What the exercise asks
What is needed is a word-for-word copy of every record below, minus the pictures.

Material provided
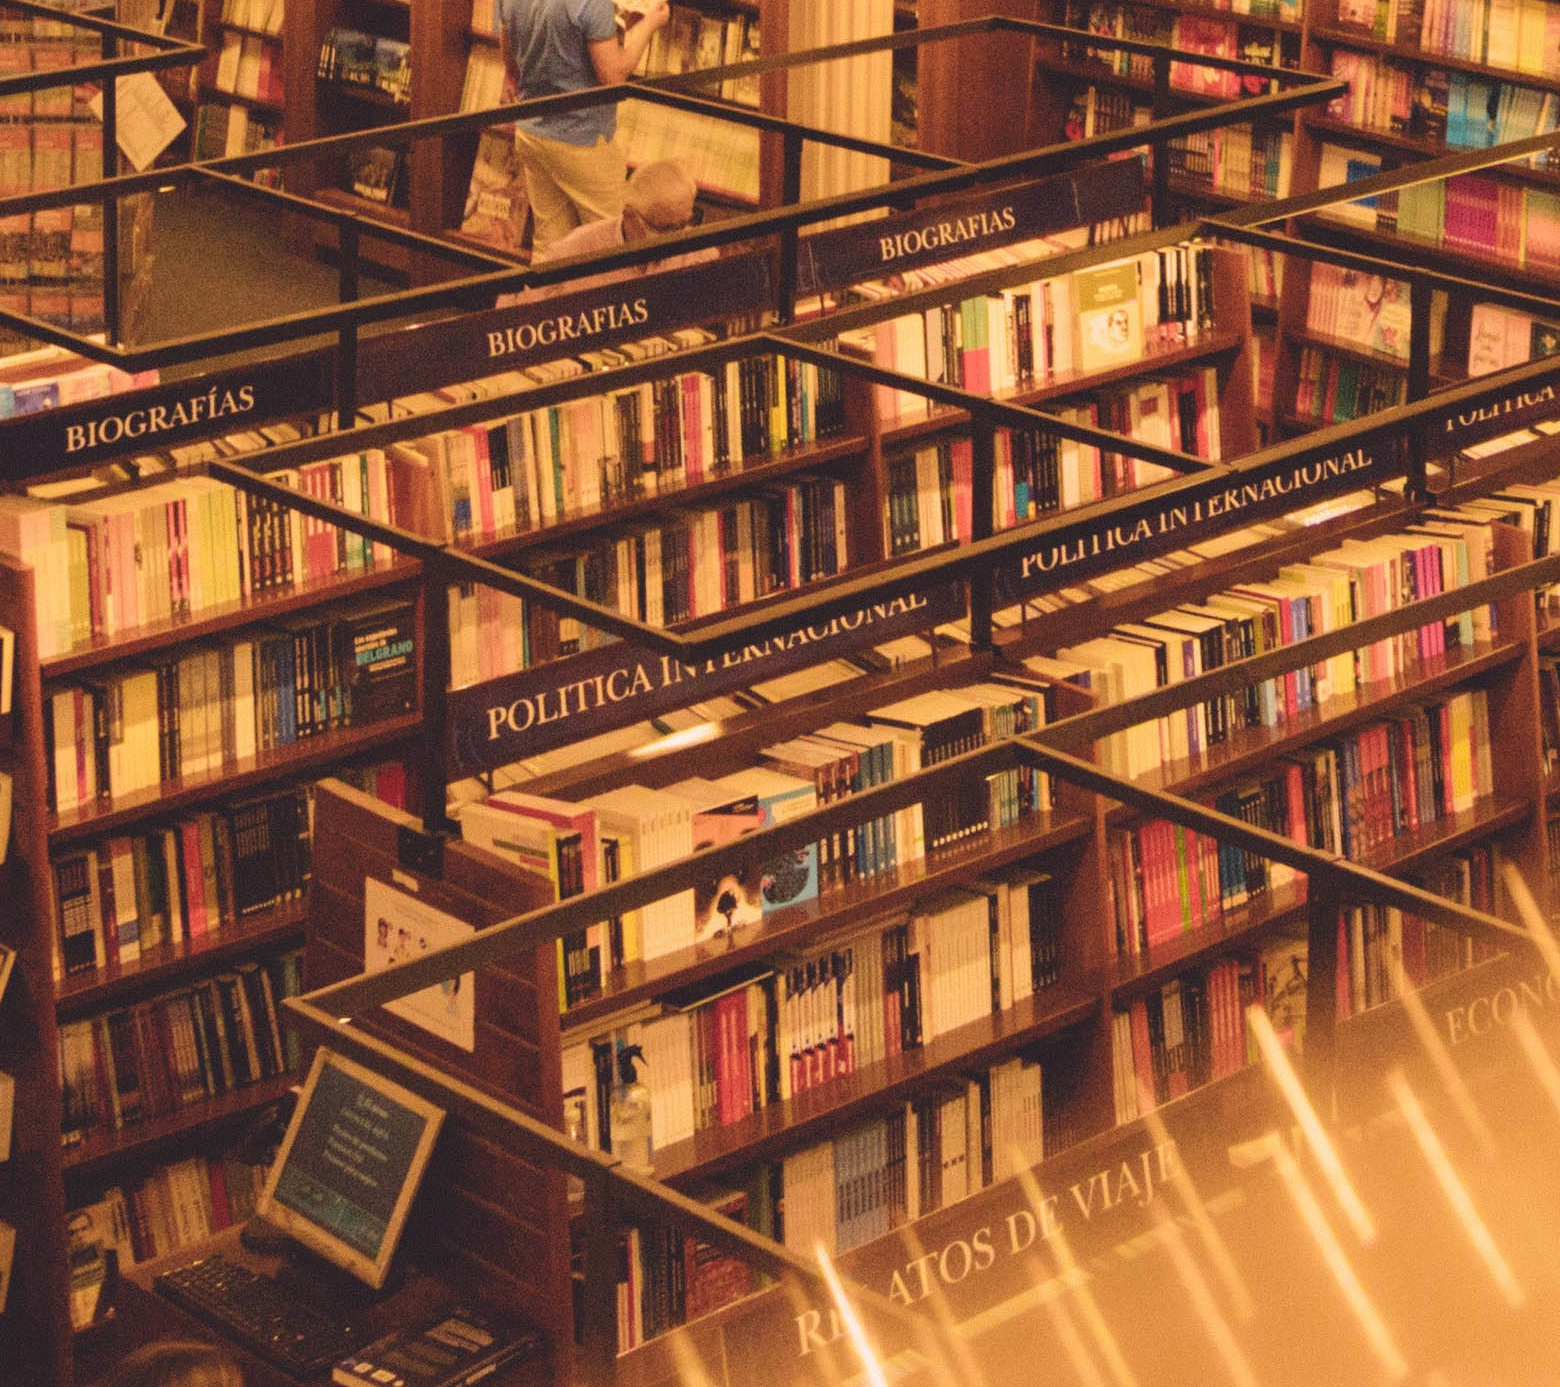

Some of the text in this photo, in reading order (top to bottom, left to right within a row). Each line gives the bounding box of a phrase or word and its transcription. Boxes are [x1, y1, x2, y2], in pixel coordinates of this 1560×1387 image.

[878, 206, 1016, 262] BIOGRAFIAS
[486, 297, 650, 359] BIOGRAFIAS
[64, 382, 255, 455] BIOGRAFÍAS
[355, 639, 413, 667] BELGRANO
[486, 661, 654, 742] POLITICA
[1004, 1195, 1065, 1256] DE
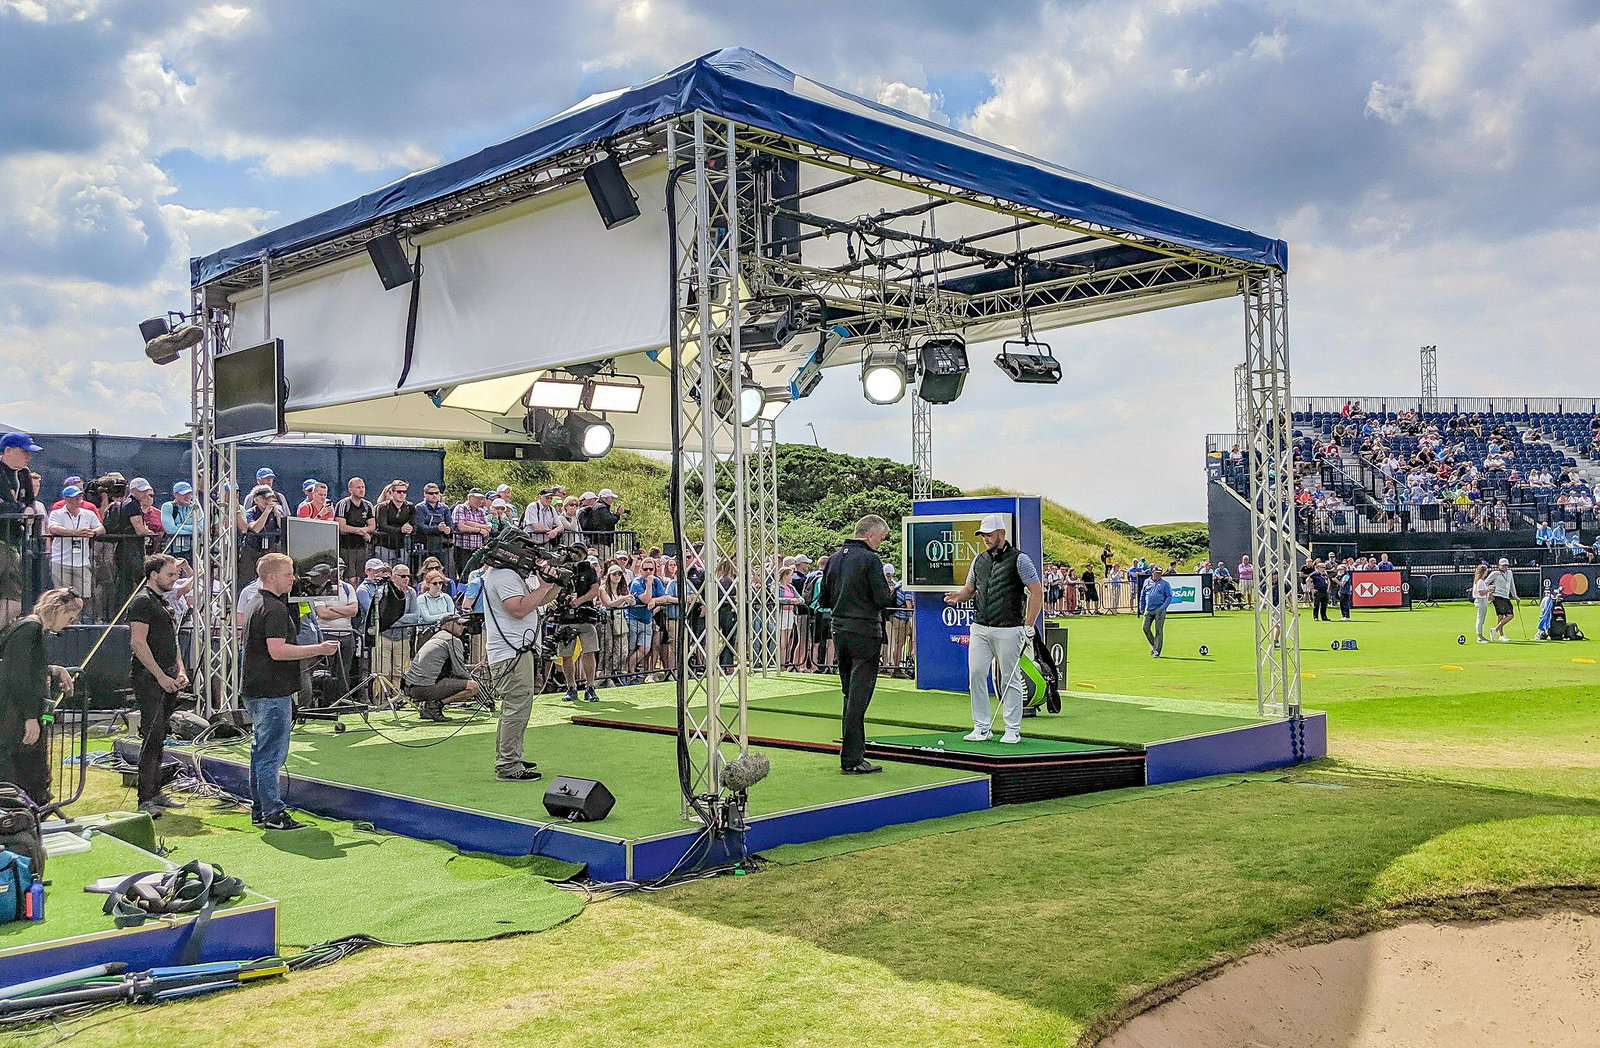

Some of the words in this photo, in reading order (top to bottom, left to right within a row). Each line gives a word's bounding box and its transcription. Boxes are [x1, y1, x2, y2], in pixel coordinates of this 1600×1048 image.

[941, 530, 964, 541] THE
[926, 540, 980, 562] OPEN
[1380, 585, 1400, 593] HSBC
[942, 606, 976, 627] OPE

Finished exercise
Some of the text in this photo, in reading order (top to bottom, left to right within a row). Each line gives the bounding box of a phrase or word and its transcription. Boxes are [x1, y1, x2, y2], in pixel coordinates of this 1560×1387 image.

[878, 206, 1016, 262] BIOGRAFIAS
[486, 297, 650, 359] BIOGRAFIAS
[64, 382, 255, 455] BIOGRAFÍAS
[355, 639, 413, 667] BELGRANO
[486, 661, 654, 742] POLITICA
[1004, 1195, 1065, 1256] DE

Some of the words in this photo, in reading order (top to bottom, left to right within a row). Each line gives a word's bounding box and its transcription. Boxes are [x1, y1, x2, y2], in pixel coordinates of this 1600×1048 image.

[941, 530, 964, 541] THE
[926, 540, 980, 562] OPEN
[1380, 585, 1400, 593] HSBC
[942, 606, 976, 627] OPE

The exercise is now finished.